### The task:
Omit the pictures and copy the entries exactly.

### Provided records:

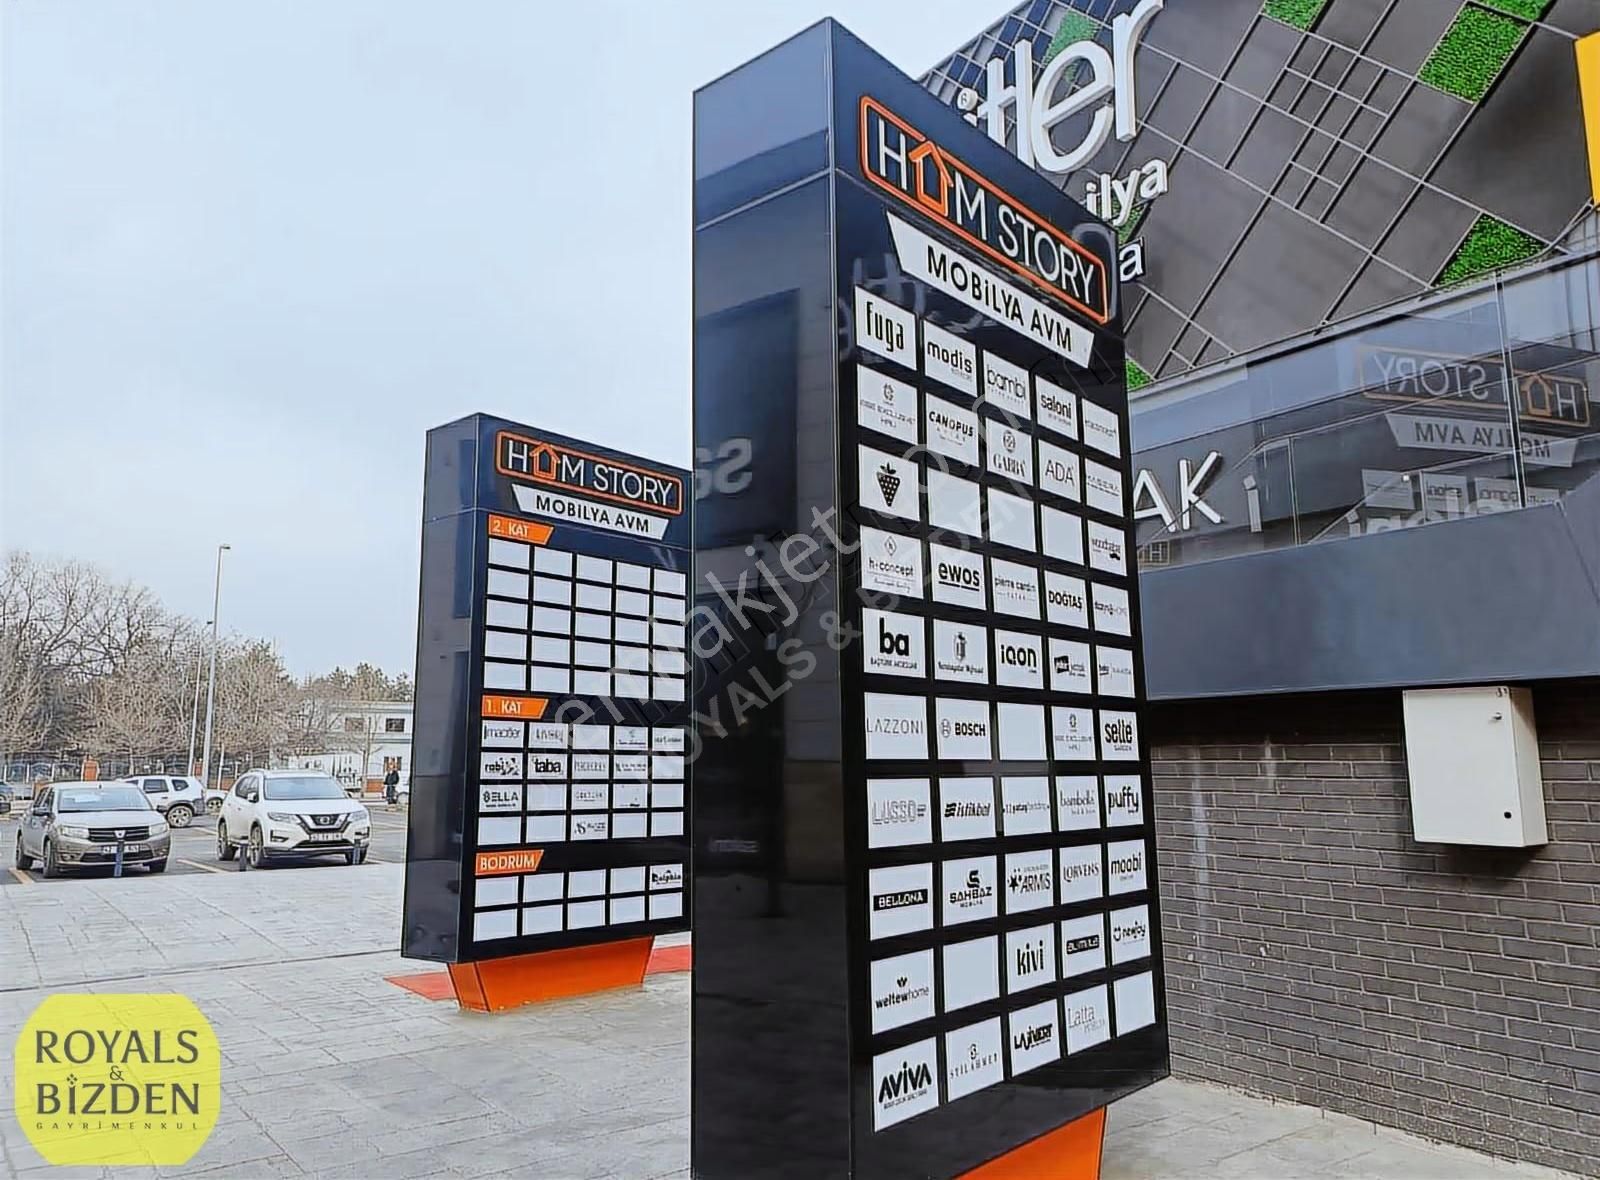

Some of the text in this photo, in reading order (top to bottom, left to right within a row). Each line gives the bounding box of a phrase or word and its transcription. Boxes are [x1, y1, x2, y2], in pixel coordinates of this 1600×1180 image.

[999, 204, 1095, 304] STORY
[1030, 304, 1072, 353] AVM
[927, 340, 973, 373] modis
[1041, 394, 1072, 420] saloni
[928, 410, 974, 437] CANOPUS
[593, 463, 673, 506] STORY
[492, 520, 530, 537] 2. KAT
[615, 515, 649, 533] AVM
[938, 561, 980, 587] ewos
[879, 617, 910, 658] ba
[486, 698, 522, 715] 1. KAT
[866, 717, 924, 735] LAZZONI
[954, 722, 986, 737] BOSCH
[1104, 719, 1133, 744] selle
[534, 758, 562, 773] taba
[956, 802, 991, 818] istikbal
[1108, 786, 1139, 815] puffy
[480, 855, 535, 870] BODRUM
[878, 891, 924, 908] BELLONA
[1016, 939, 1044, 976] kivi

### Completed exercise:
Some of the text in this photo, in reading order (top to bottom, left to right within a row). Each line gives the bounding box of a phrase or word and its transcription. Boxes are [x1, y1, x2, y2], in pixel coordinates of this 1600×1180 image.

[999, 204, 1095, 304] STORY
[1030, 304, 1072, 353] AVM
[927, 340, 973, 373] modis
[1041, 394, 1072, 420] saloni
[928, 410, 974, 437] CANOPUS
[593, 463, 673, 506] STORY
[492, 520, 530, 537] 2. KAT
[615, 515, 649, 533] AVM
[938, 561, 980, 587] ewos
[879, 617, 910, 658] ba
[486, 698, 522, 715] 1. KAT
[866, 717, 924, 735] LAZZONI
[954, 722, 986, 737] BOSCH
[1104, 719, 1133, 744] selle
[534, 758, 562, 773] taba
[956, 802, 991, 818] istikbal
[1108, 786, 1139, 815] puffy
[480, 855, 535, 870] BODRUM
[878, 891, 924, 908] BELLONA
[1016, 939, 1044, 976] kivi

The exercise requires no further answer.